Голос его был усталым, казалось, он с трудом выдавливает из себя слова. Мне стало не по себе, словно усталость эта была заразной и перешла на меня.
— Ни о чем особенном. Просто приехал побеседовать с вами по-дружески, вы же меня сами приглашали.
— Да, но теперь это не так.
— Почему теперь это не так?
— Разве ты не говоришь с Хуаном?
— Говорю.
— Тогда чего ты хочешь от меня?
— Я думал, может… Ну, я хотел задать вам несколько вопросов…
— Задай Хуану. Разве он тебя не учит?
— Он-то учит, но все равно мне хотелось бы спросить вас о том, чему он меня учит, и узнать еще и ваше мнение. Тогда бы я лучше знал, как мне быть.
— Зачем это тебе? Ты не доверяешь Хуану?
— Доверяю.
— Тогда почему не спрашиваешь о том, что тебя интересует, у него?
— Я так и делаю, и он отвечает. Но если бы вы тоже рассказали мне о том, чему он меня учит, может быть, мне было бы понятнее.

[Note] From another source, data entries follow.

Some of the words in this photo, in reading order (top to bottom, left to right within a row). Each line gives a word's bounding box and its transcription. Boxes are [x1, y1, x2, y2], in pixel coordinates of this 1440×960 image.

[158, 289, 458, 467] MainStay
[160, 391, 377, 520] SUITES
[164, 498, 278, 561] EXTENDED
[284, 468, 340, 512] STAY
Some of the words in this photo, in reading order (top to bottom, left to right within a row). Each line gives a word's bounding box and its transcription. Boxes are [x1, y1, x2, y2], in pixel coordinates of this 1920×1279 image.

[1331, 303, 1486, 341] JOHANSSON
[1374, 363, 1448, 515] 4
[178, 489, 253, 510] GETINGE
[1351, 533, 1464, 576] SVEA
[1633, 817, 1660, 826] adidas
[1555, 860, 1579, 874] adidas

— Хуан может рассказать тебе все. И никто, кроме него, это сделать не может. Неужели ты не понимаешь?
— Понимаю. Но мне хотелось бы поговорить и с такими людьми, как вы. В конце-то концов, не каждый же день встречаешься с человеком знания.
— Хуан — человек знания.
— Я знаю это.
— Тогда зачем тебе говорить со мной?
— Я же сказал — приехал просто так, по-приятельски, что ли…
— Ты приехал не за этим. Сегодня в тебе есть что-то другое.

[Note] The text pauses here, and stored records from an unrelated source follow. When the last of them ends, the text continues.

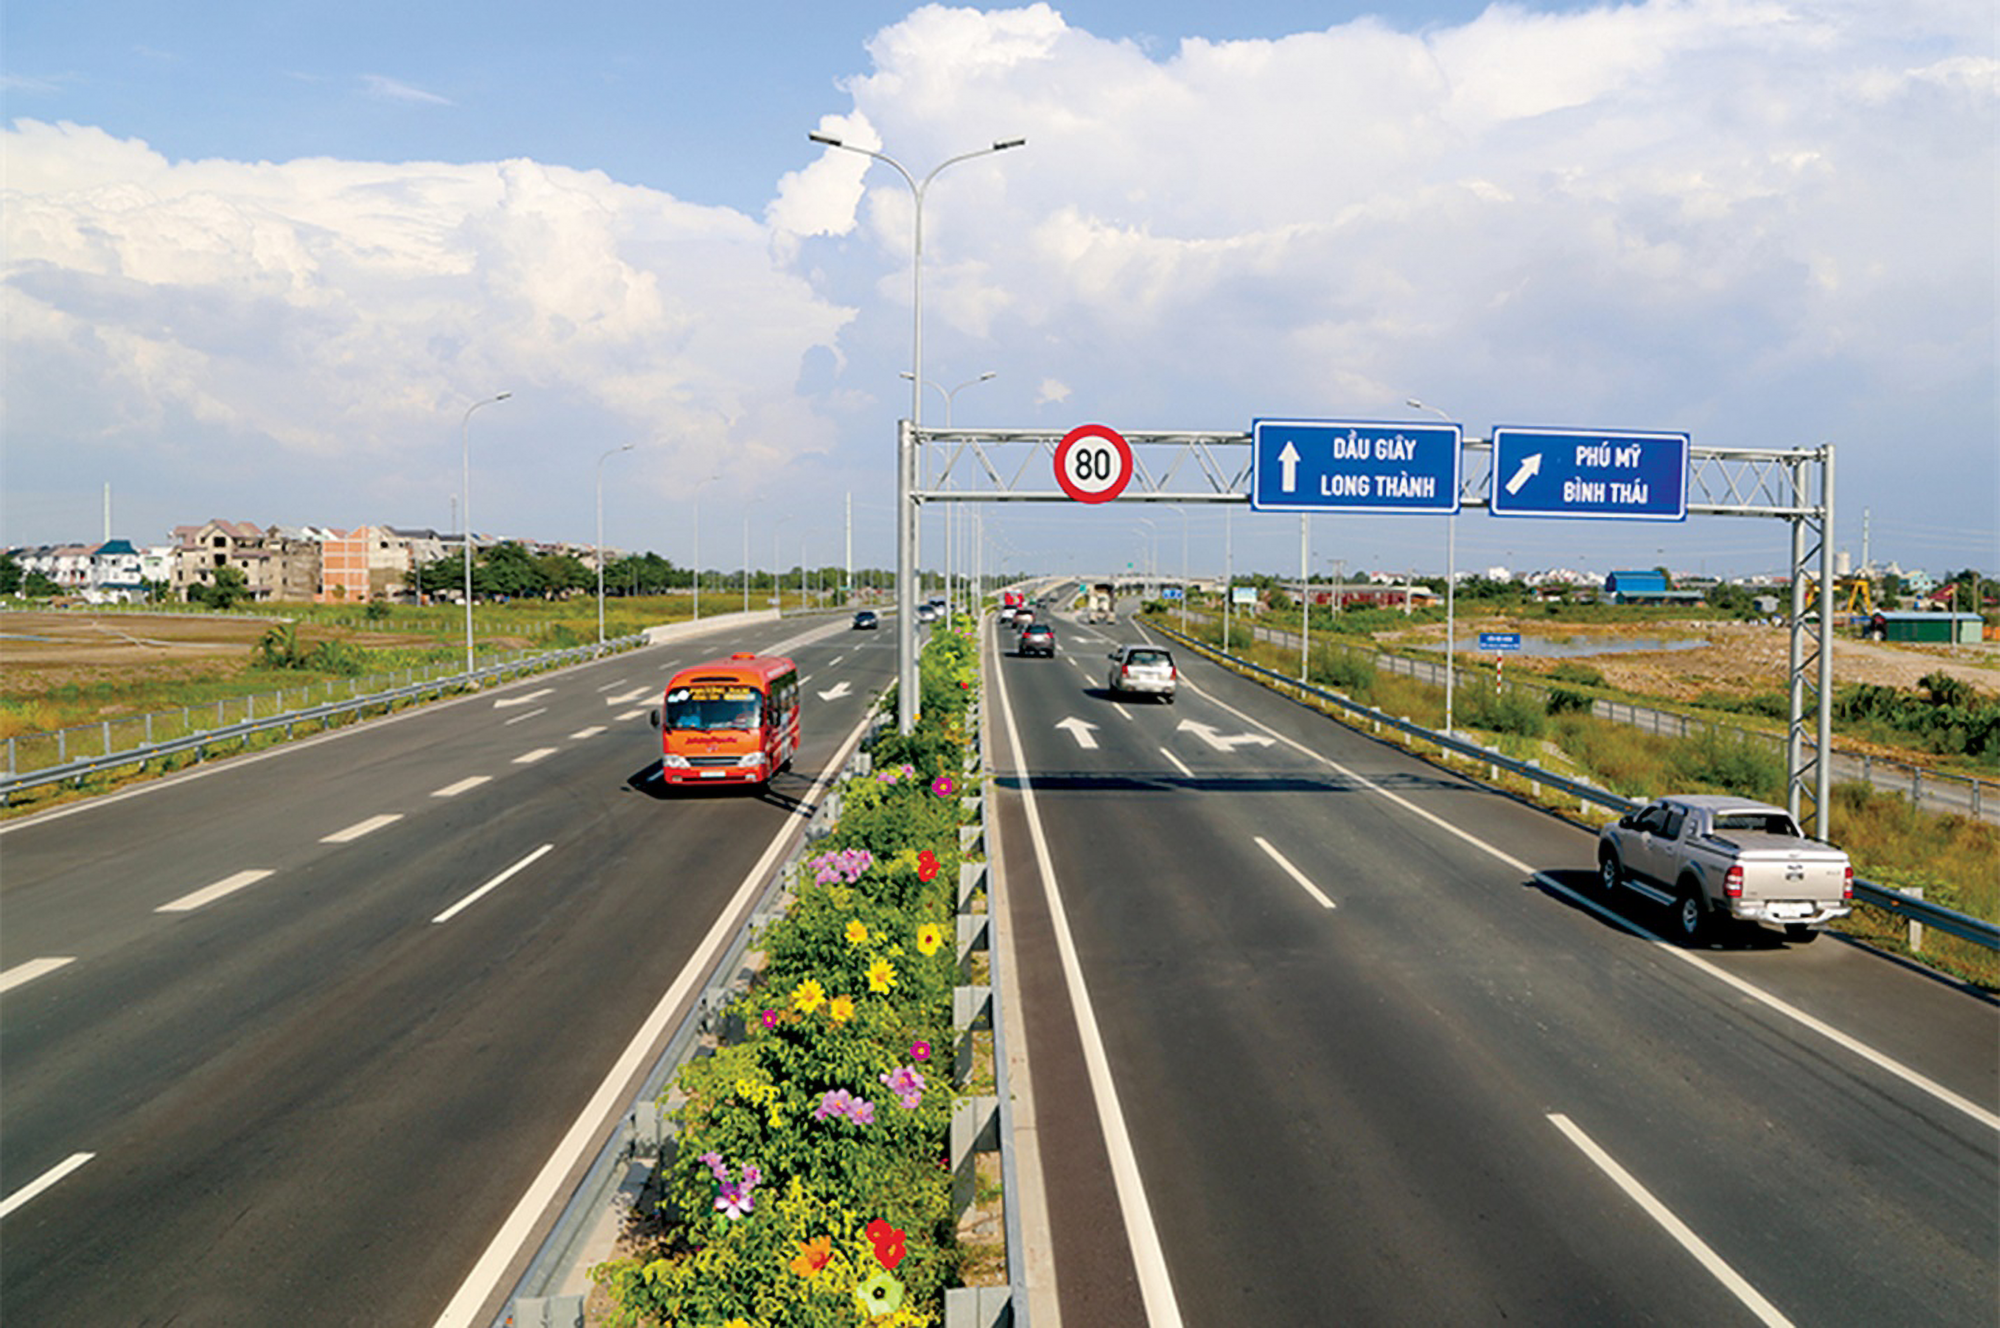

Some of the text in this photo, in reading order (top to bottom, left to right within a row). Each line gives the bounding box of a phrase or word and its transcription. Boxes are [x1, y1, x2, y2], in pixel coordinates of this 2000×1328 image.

[1375, 434, 1417, 461] GIÂY
[1576, 441, 1641, 468] PHÚ MỸ
[1076, 448, 1110, 480] 80
[1321, 470, 1435, 498] LONG THÀNH
[1563, 476, 1648, 504] BÌNH THÁI

Я еще раз попытался объясниться, но вышло только невнятное бормотание. Сакатека молчал. Казалось, он внимательно слушает. Глаза его снова были полузакрыты, но я чувствовал, что он пристально на меня смотрит. Он едва заметно кивнул, затем веки его приподнялись, и я увидел глаза. Он, казалось, смотрел за меня. Как бы машинально он постукивал по земле носком правой ноги позади левой пятки, слегка согнув ноги в коленях и расслабленно опустив руки вдоль туловища. Он медленно поднял правую руку, ладонь которой была повернута перпендикулярно земле, а пальцы вытянуты в моем направлении. Он пару раз качнул ею из стороны в сторону, а затем поднял на уровень моего лица. На мгновение Сакатека застыл в этой позе, а затем сказал мне несколько слов. Его голос был очень четким, однако слова были растянутыми. Через секунду Сакатека расслабленно уронил руку вдоль туловища и застыл в странной позе: вес тела он перенес на носок левой ступни, а правую поставил за левой крест-накрест, мягко и ритмично постукивая ее носком по земле.
Меня охватило какое-то беспричинное беспокойство, своего рода нетерпение. Мысли начали как бы распадаться на части. В голову лезла какая-то бессмыслица, обрывки чего-то, никак не связанного с происходящим.